[Data entries]
%%

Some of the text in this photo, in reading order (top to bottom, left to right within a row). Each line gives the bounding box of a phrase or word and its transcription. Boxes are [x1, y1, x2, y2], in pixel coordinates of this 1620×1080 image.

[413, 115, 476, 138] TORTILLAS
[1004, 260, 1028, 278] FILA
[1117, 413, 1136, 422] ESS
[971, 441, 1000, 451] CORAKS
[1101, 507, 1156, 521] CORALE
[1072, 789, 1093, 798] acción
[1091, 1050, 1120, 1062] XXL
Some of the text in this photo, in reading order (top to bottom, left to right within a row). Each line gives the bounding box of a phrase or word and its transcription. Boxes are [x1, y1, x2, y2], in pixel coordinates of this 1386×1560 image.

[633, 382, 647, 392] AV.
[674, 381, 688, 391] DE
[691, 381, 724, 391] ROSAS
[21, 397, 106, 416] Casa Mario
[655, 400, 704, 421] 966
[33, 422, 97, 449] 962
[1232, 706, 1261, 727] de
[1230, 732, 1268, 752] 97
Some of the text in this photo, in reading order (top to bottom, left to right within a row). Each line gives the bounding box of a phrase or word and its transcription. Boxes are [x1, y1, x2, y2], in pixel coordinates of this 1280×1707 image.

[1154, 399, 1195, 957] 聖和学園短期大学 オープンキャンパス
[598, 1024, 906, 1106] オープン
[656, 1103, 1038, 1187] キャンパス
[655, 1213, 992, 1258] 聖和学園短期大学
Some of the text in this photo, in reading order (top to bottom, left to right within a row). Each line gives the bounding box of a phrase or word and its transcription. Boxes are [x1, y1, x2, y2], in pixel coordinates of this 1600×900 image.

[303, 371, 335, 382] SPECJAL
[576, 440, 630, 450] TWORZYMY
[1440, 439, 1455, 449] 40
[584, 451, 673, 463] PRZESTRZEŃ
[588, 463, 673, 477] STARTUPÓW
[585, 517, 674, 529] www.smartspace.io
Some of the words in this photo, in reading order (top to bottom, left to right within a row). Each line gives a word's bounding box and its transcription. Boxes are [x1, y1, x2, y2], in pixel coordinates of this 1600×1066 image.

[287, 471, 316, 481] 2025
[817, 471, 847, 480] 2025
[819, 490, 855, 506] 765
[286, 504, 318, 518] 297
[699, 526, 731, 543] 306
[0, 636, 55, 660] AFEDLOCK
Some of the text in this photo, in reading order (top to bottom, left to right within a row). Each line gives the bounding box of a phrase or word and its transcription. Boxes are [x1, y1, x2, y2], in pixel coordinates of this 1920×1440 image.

%%

All entries are to be retyped with no difference from the original.

• [Answer to the problem]:
Some of the text in this photo, in reading order (top to bottom, left to right within a row). Each line gives the bounding box of a phrase or word and its transcription. Boxes are [x1, y1, x2, y2], in pixel coordinates of this 1620×1080 image.

[413, 115, 476, 138] TORTILLAS
[1004, 260, 1028, 278] FILA
[1117, 413, 1136, 422] ESS
[971, 441, 1000, 451] CORAKS
[1101, 507, 1156, 521] CORALE
[1072, 789, 1093, 798] acción
[1091, 1050, 1120, 1062] XXL
Some of the text in this photo, in reading order (top to bottom, left to right within a row). Each line gives the bounding box of a phrase or word and its transcription. Boxes are [x1, y1, x2, y2], in pixel coordinates of this 1386×1560 image.

[633, 382, 647, 392] AV.
[674, 381, 688, 391] DE
[691, 381, 724, 391] ROSAS
[21, 397, 106, 416] Casa Mario
[655, 400, 704, 421] 966
[33, 422, 97, 449] 962
[1232, 706, 1261, 727] de
[1230, 732, 1268, 752] 97
Some of the text in this photo, in reading order (top to bottom, left to right within a row). Each line gives the bounding box of a phrase or word and its transcription. Boxes are [x1, y1, x2, y2], in pixel coordinates of this 1280×1707 image.

[1154, 399, 1195, 957] 聖和学園短期大学 オープンキャンパス
[598, 1024, 906, 1106] オープン
[656, 1103, 1038, 1187] キャンパス
[655, 1213, 992, 1258] 聖和学園短期大学
Some of the text in this photo, in reading order (top to bottom, left to right within a row). Each line gives the bounding box of a phrase or word and its transcription. Boxes are [x1, y1, x2, y2], in pixel coordinates of this 1600×900 image.

[303, 371, 335, 382] SPECJAL
[576, 440, 630, 450] TWORZYMY
[1440, 439, 1455, 449] 40
[584, 451, 673, 463] PRZESTRZEŃ
[588, 463, 673, 477] STARTUPÓW
[585, 517, 674, 529] www.smartspace.io
Some of the words in this photo, in reading order (top to bottom, left to right within a row). Each line gives a word's bounding box and its transcription. Boxes are [x1, y1, x2, y2], in pixel coordinates of this 1600×1066 image.

[287, 471, 316, 481] 2025
[817, 471, 847, 480] 2025
[819, 490, 855, 506] 765
[286, 504, 318, 518] 297
[699, 526, 731, 543] 306
[0, 636, 55, 660] AFEDLOCK
Some of the text in this photo, in reading order (top to bottom, left to right within a row). Each line gives the bounding box of a phrase or word and its transcription. Boxes are [x1, y1, x2, y2], in pixel coordinates of this 1920×1440 image.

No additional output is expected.